_What to do_: What you return must match the listing exactly, with every image removed.

_Dataset content_:
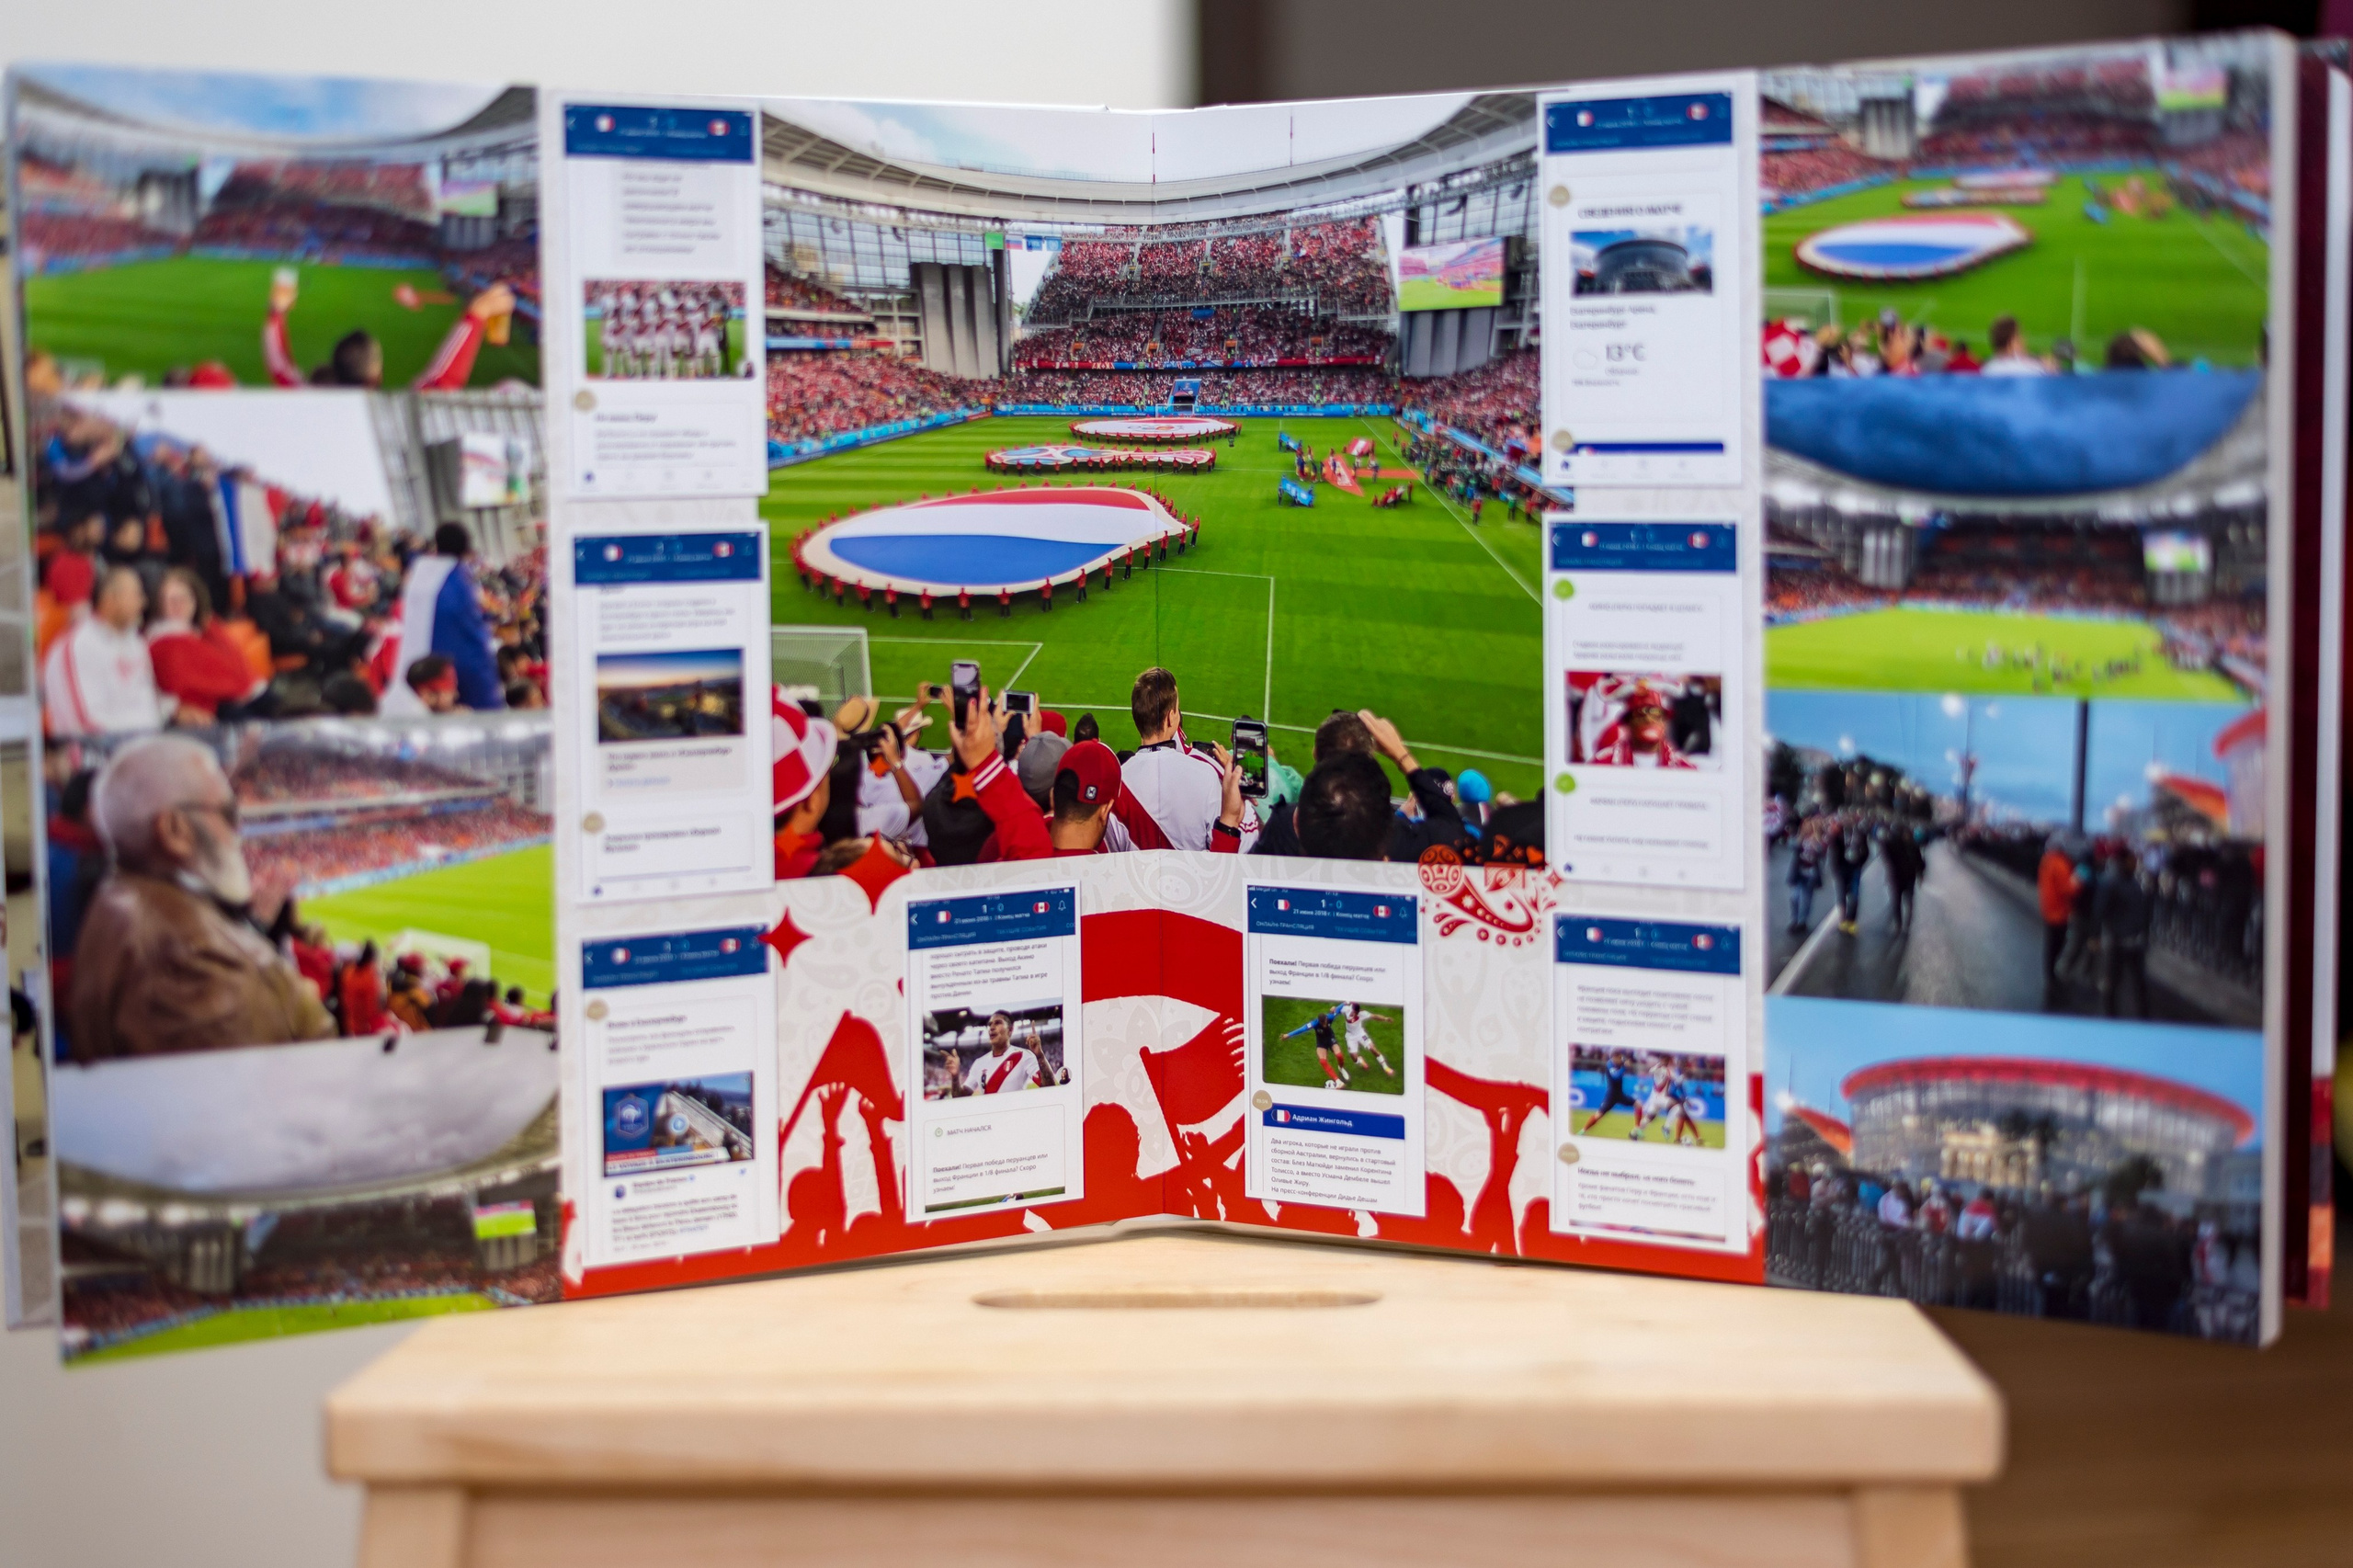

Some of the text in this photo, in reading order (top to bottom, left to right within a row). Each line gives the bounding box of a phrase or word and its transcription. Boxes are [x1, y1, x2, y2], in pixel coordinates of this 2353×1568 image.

[982, 904, 987, 914] 1
[997, 903, 1004, 912] 0
[1321, 899, 1326, 908] 1
[1336, 900, 1342, 909] 0
[1292, 1114, 1353, 1127] Адриан Жингольд
[995, 1166, 1018, 1176] финала?
[1344, 1174, 1369, 1182] Дембеле

_Exercise output_:
Some of the text in this photo, in reading order (top to bottom, left to right within a row). Each line gives the bounding box of a phrase or word and its transcription. Boxes are [x1, y1, x2, y2], in pixel coordinates of this 2353×1568 image.

[982, 904, 987, 914] 1
[997, 903, 1004, 912] 0
[1321, 899, 1326, 908] 1
[1336, 900, 1342, 909] 0
[1292, 1114, 1353, 1127] Адриан Жингольд
[995, 1166, 1018, 1176] финала?
[1344, 1174, 1369, 1182] Дембеле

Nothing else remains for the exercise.